> YOUR OBJECTIVE
Nothing should be omitted: restate the full listing word for word.
************
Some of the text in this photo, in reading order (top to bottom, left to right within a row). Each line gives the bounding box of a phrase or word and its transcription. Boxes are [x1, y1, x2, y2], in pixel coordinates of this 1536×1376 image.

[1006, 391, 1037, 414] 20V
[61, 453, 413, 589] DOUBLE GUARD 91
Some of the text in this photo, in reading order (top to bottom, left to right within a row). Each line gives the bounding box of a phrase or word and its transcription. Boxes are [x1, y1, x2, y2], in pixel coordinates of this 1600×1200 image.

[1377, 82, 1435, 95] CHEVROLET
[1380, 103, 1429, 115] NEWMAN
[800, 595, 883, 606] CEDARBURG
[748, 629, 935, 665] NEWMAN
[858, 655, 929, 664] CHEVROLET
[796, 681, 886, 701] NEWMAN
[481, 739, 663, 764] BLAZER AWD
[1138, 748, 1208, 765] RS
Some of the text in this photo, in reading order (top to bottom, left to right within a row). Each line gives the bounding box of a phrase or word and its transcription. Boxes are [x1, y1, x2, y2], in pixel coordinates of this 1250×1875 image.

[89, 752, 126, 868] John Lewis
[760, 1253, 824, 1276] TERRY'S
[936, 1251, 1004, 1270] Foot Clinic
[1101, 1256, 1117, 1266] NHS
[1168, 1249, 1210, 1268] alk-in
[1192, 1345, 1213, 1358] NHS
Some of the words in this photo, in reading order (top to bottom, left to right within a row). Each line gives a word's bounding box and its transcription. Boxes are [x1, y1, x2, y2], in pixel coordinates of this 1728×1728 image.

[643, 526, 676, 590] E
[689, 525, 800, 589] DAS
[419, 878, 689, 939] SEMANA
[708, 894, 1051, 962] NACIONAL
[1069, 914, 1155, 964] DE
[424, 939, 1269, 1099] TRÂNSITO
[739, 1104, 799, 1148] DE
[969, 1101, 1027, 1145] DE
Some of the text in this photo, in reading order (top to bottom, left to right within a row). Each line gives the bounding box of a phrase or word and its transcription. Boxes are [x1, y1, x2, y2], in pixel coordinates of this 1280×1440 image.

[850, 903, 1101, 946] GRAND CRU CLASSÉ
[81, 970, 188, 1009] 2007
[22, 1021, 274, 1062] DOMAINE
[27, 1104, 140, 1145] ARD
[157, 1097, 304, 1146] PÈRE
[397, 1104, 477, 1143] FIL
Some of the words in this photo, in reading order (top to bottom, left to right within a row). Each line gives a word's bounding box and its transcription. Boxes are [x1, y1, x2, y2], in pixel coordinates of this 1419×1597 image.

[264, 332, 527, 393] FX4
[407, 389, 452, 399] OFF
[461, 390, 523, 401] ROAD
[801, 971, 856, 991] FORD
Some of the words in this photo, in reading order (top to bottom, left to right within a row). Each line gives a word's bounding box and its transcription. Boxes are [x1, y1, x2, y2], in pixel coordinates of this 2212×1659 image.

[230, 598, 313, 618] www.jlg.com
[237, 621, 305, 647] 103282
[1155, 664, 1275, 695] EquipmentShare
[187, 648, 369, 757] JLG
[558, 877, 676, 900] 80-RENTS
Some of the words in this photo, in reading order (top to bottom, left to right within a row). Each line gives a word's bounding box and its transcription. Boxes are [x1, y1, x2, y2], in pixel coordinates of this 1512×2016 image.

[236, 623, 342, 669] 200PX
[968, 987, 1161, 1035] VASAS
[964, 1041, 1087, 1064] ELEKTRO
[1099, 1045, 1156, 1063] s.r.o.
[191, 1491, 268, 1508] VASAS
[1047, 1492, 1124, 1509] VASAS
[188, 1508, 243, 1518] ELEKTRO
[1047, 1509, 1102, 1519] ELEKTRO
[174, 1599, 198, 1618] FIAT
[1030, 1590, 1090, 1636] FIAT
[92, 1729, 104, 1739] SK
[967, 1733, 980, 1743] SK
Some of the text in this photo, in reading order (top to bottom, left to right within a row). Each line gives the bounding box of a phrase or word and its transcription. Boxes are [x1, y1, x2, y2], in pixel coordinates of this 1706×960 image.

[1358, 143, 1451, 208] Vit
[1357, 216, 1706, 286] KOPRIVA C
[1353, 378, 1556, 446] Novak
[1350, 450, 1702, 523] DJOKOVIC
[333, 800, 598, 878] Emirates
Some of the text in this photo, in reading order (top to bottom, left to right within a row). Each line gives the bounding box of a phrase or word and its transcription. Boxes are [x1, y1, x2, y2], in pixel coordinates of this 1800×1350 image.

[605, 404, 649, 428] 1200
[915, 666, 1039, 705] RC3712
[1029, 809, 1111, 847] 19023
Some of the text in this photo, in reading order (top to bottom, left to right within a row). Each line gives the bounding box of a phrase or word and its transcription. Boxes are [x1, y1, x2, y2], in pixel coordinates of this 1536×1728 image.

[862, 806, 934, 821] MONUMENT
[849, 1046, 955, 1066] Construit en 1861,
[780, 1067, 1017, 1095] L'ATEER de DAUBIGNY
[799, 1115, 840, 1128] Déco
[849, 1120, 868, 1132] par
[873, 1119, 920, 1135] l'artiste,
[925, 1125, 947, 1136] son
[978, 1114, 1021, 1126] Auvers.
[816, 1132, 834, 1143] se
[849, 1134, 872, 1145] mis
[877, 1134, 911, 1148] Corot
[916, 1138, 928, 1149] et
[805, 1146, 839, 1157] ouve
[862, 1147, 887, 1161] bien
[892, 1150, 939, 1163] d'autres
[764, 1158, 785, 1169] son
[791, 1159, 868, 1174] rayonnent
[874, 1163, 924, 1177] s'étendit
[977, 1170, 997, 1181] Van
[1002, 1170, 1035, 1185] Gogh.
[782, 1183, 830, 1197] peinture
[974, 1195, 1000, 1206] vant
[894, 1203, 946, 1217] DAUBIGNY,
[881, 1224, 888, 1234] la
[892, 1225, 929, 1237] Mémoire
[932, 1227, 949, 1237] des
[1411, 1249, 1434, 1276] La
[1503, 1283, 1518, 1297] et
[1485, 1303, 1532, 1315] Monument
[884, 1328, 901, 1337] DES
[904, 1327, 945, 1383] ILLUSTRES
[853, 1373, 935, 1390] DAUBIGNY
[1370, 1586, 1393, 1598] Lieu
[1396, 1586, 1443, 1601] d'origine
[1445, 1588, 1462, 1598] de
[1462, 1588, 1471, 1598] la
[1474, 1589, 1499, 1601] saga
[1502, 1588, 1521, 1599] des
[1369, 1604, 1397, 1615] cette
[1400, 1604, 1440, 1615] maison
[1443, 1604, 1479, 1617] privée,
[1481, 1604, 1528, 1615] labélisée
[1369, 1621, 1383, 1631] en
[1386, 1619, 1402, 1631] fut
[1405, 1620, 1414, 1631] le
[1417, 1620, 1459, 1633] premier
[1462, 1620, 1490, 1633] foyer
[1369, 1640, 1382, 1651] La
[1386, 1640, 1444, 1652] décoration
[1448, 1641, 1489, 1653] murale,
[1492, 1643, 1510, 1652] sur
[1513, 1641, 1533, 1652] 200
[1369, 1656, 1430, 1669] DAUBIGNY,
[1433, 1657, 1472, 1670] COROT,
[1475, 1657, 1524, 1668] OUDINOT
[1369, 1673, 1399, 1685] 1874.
************
> SOLUTION TO THIS EXERCISE
Some of the text in this photo, in reading order (top to bottom, left to right within a row). Each line gives the bounding box of a phrase or word and its transcription. Boxes are [x1, y1, x2, y2], in pixel coordinates of this 1536×1376 image.

[1006, 391, 1037, 414] 20V
[61, 453, 413, 589] DOUBLE GUARD 91
Some of the text in this photo, in reading order (top to bottom, left to right within a row). Each line gives the bounding box of a phrase or word and its transcription. Boxes are [x1, y1, x2, y2], in pixel coordinates of this 1600×1200 image.

[1377, 82, 1435, 95] CHEVROLET
[1380, 103, 1429, 115] NEWMAN
[800, 595, 883, 606] CEDARBURG
[748, 629, 935, 665] NEWMAN
[858, 655, 929, 664] CHEVROLET
[796, 681, 886, 701] NEWMAN
[481, 739, 663, 764] BLAZER AWD
[1138, 748, 1208, 765] RS
Some of the text in this photo, in reading order (top to bottom, left to right within a row). Each line gives the bounding box of a phrase or word and its transcription. Boxes are [x1, y1, x2, y2], in pixel coordinates of this 1250×1875 image.

[89, 752, 126, 868] John Lewis
[760, 1253, 824, 1276] TERRY'S
[936, 1251, 1004, 1270] Foot Clinic
[1101, 1256, 1117, 1266] NHS
[1168, 1249, 1210, 1268] alk-in
[1192, 1345, 1213, 1358] NHS
Some of the words in this photo, in reading order (top to bottom, left to right within a row). Each line gives a word's bounding box and its transcription. Boxes are [x1, y1, x2, y2], in pixel coordinates of this 1728×1728 image.

[643, 526, 676, 590] E
[689, 525, 800, 589] DAS
[419, 878, 689, 939] SEMANA
[708, 894, 1051, 962] NACIONAL
[1069, 914, 1155, 964] DE
[424, 939, 1269, 1099] TRÂNSITO
[739, 1104, 799, 1148] DE
[969, 1101, 1027, 1145] DE
Some of the text in this photo, in reading order (top to bottom, left to right within a row). Each line gives the bounding box of a phrase or word and its transcription. Boxes are [x1, y1, x2, y2], in pixel coordinates of this 1280×1440 image.

[850, 903, 1101, 946] GRAND CRU CLASSÉ
[81, 970, 188, 1009] 2007
[22, 1021, 274, 1062] DOMAINE
[27, 1104, 140, 1145] ARD
[157, 1097, 304, 1146] PÈRE
[397, 1104, 477, 1143] FIL
Some of the words in this photo, in reading order (top to bottom, left to right within a row). Each line gives a word's bounding box and its transcription. Boxes are [x1, y1, x2, y2], in pixel coordinates of this 1419×1597 image.

[264, 332, 527, 393] FX4
[407, 389, 452, 399] OFF
[461, 390, 523, 401] ROAD
[801, 971, 856, 991] FORD
Some of the words in this photo, in reading order (top to bottom, left to right within a row). Each line gives a word's bounding box and its transcription. Boxes are [x1, y1, x2, y2], in pixel coordinates of this 2212×1659 image.

[230, 598, 313, 618] www.jlg.com
[237, 621, 305, 647] 103282
[1155, 664, 1275, 695] EquipmentShare
[187, 648, 369, 757] JLG
[558, 877, 676, 900] 80-RENTS
Some of the words in this photo, in reading order (top to bottom, left to right within a row). Each line gives a word's bounding box and its transcription. Boxes are [x1, y1, x2, y2], in pixel coordinates of this 1512×2016 image.

[236, 623, 342, 669] 200PX
[968, 987, 1161, 1035] VASAS
[964, 1041, 1087, 1064] ELEKTRO
[1099, 1045, 1156, 1063] s.r.o.
[191, 1491, 268, 1508] VASAS
[1047, 1492, 1124, 1509] VASAS
[188, 1508, 243, 1518] ELEKTRO
[1047, 1509, 1102, 1519] ELEKTRO
[174, 1599, 198, 1618] FIAT
[1030, 1590, 1090, 1636] FIAT
[92, 1729, 104, 1739] SK
[967, 1733, 980, 1743] SK
Some of the text in this photo, in reading order (top to bottom, left to right within a row). Each line gives the bounding box of a phrase or word and its transcription. Boxes are [x1, y1, x2, y2], in pixel coordinates of this 1706×960 image.

[1358, 143, 1451, 208] Vit
[1357, 216, 1706, 286] KOPRIVA C
[1353, 378, 1556, 446] Novak
[1350, 450, 1702, 523] DJOKOVIC
[333, 800, 598, 878] Emirates
Some of the text in this photo, in reading order (top to bottom, left to right within a row). Each line gives the bounding box of a phrase or word and its transcription. Boxes are [x1, y1, x2, y2], in pixel coordinates of this 1800×1350 image.

[605, 404, 649, 428] 1200
[915, 666, 1039, 705] RC3712
[1029, 809, 1111, 847] 19023
Some of the text in this photo, in reading order (top to bottom, left to right within a row). Each line gives the bounding box of a phrase or word and its transcription. Boxes are [x1, y1, x2, y2], in pixel coordinates of this 1536×1728 image.

[862, 806, 934, 821] MONUMENT
[849, 1046, 955, 1066] Construit en 1861,
[780, 1067, 1017, 1095] L'ATEER de DAUBIGNY
[799, 1115, 840, 1128] Déco
[849, 1120, 868, 1132] par
[873, 1119, 920, 1135] l'artiste,
[925, 1125, 947, 1136] son
[978, 1114, 1021, 1126] Auvers.
[816, 1132, 834, 1143] se
[849, 1134, 872, 1145] mis
[877, 1134, 911, 1148] Corot
[916, 1138, 928, 1149] et
[805, 1146, 839, 1157] ouve
[862, 1147, 887, 1161] bien
[892, 1150, 939, 1163] d'autres
[764, 1158, 785, 1169] son
[791, 1159, 868, 1174] rayonnent
[874, 1163, 924, 1177] s'étendit
[977, 1170, 997, 1181] Van
[1002, 1170, 1035, 1185] Gogh.
[782, 1183, 830, 1197] peinture
[974, 1195, 1000, 1206] vant
[894, 1203, 946, 1217] DAUBIGNY,
[881, 1224, 888, 1234] la
[892, 1225, 929, 1237] Mémoire
[932, 1227, 949, 1237] des
[1411, 1249, 1434, 1276] La
[1503, 1283, 1518, 1297] et
[1485, 1303, 1532, 1315] Monument
[884, 1328, 901, 1337] DES
[904, 1327, 945, 1383] ILLUSTRES
[853, 1373, 935, 1390] DAUBIGNY
[1370, 1586, 1393, 1598] Lieu
[1396, 1586, 1443, 1601] d'origine
[1445, 1588, 1462, 1598] de
[1462, 1588, 1471, 1598] la
[1474, 1589, 1499, 1601] saga
[1502, 1588, 1521, 1599] des
[1369, 1604, 1397, 1615] cette
[1400, 1604, 1440, 1615] maison
[1443, 1604, 1479, 1617] privée,
[1481, 1604, 1528, 1615] labélisée
[1369, 1621, 1383, 1631] en
[1386, 1619, 1402, 1631] fut
[1405, 1620, 1414, 1631] le
[1417, 1620, 1459, 1633] premier
[1462, 1620, 1490, 1633] foyer
[1369, 1640, 1382, 1651] La
[1386, 1640, 1444, 1652] décoration
[1448, 1641, 1489, 1653] murale,
[1492, 1643, 1510, 1652] sur
[1513, 1641, 1533, 1652] 200
[1369, 1656, 1430, 1669] DAUBIGNY,
[1433, 1657, 1472, 1670] COROT,
[1475, 1657, 1524, 1668] OUDINOT
[1369, 1673, 1399, 1685] 1874.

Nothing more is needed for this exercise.